Optional Step 8: Configuring Security for HDFS High Availability
CDH4 supports the HDFS High Availability (HA) feature with Kerberos security enabled. There are two use cases that affect security for HA:
- If you are not using Quorum-based Storage (see Software Configuration for Quorum-based Storage), then no extra configuration for HA is necessary if automatic failover is not enabled. If automatic failover is enabled then access to ZooKeeper should be secured. See the Software Configuration for Shared Storage Using NFS documentation for details.
- If you are using Quorum-based Storage, then you must configure security for Quorum-based Storage by following the instructions in this section.

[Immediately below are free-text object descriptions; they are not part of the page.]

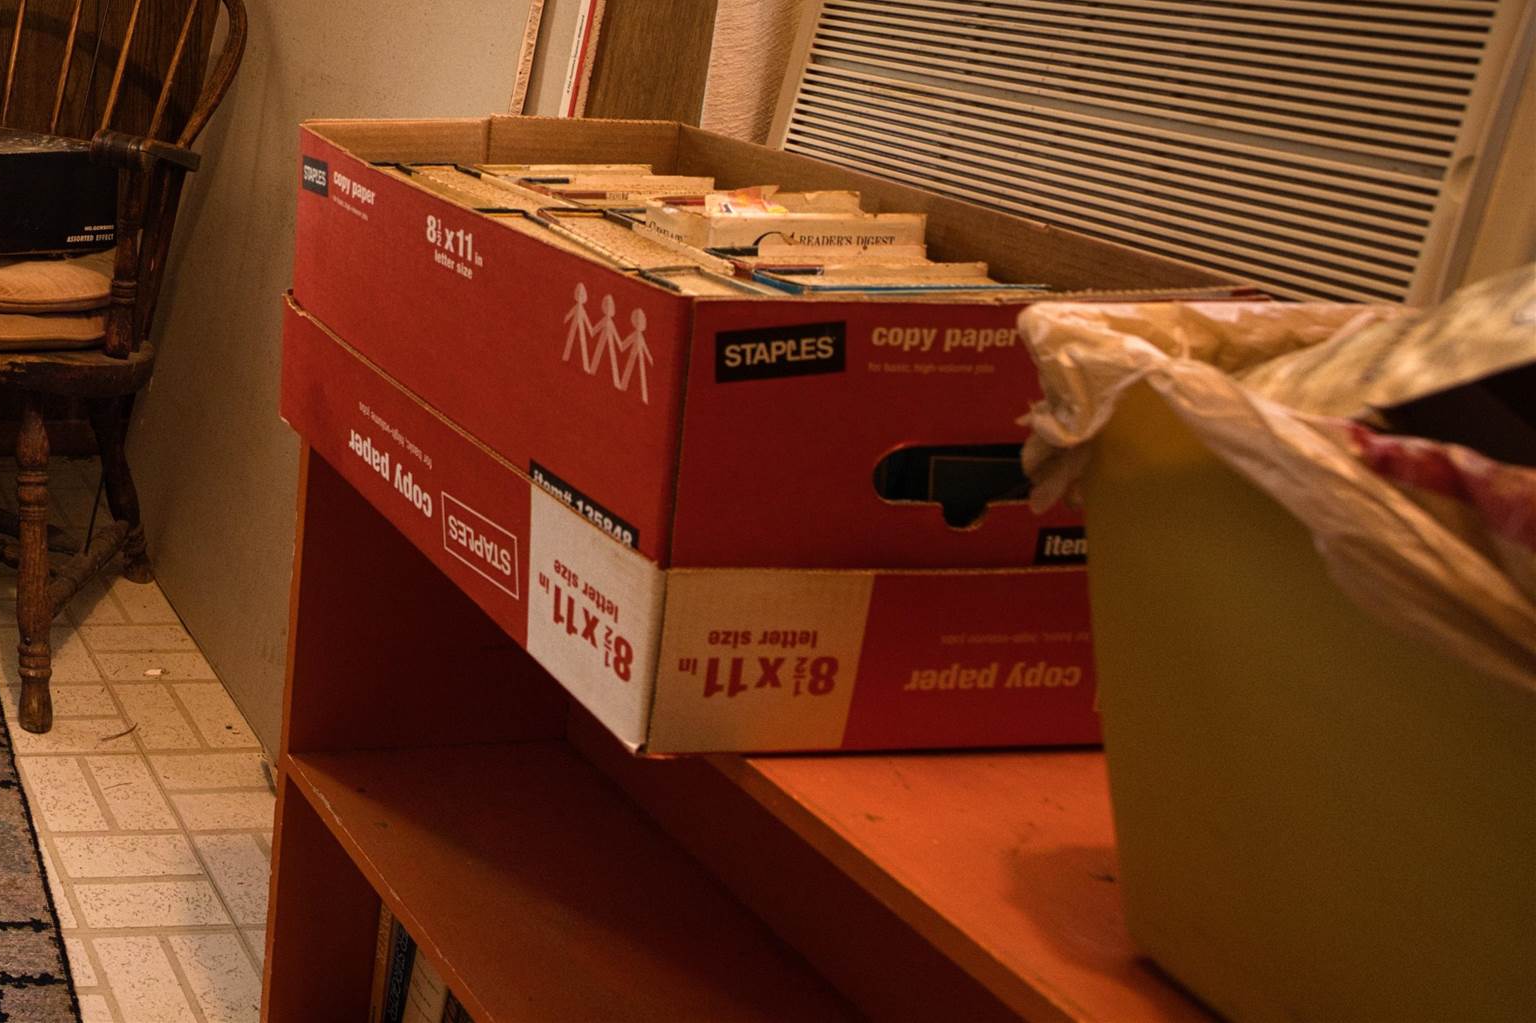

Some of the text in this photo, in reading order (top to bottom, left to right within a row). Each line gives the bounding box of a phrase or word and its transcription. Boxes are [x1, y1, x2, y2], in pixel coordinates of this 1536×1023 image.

[303, 164, 327, 187] STAPLES
[333, 171, 376, 206] copy paper
[799, 234, 895, 248] READER'S DIGEST
[435, 249, 473, 279] letter size
[475, 252, 483, 267] in
[724, 337, 835, 367] STAPLES
[871, 325, 1017, 352] copy paper
[349, 429, 433, 518] copy paper
[448, 515, 512, 576] STAPLES
[539, 572, 550, 594] in
[553, 559, 619, 623] letter size
[708, 629, 817, 648] letter size
[678, 658, 697, 675] in
[904, 662, 1081, 692] copy paper

To configure security for Quorum-based Storage:
Add the following Quorum-based Storage configuration properties to the hdfs-site.xml file on all of the machines in the cluster:
<property> <name>dfs.journalnode.keytab.file</name> <value>/etc/hadoop/conf/hdfs.keytab</value> <!-- path to the HDFS keytab --> </property> <property> <name>dfs.journalnode.kerberos.principal</name> <value>hdfs/_HOST@YOUR-REALM.COM</value> </property> <property> <name>dfs.journalnode.kerberos.internal.spnego.principal</name> <value>HTTP/_HOST@YOUR-REALM.COM</value> </property>
If you already have principals and keytabs created for the machines where the JournalNodes are running, then you should reuse those principals and keytabs in the configuration properties above. You will likely have these principals and keytabs already created if you are collocating a JournalNode on a machine with another HDFS daemon.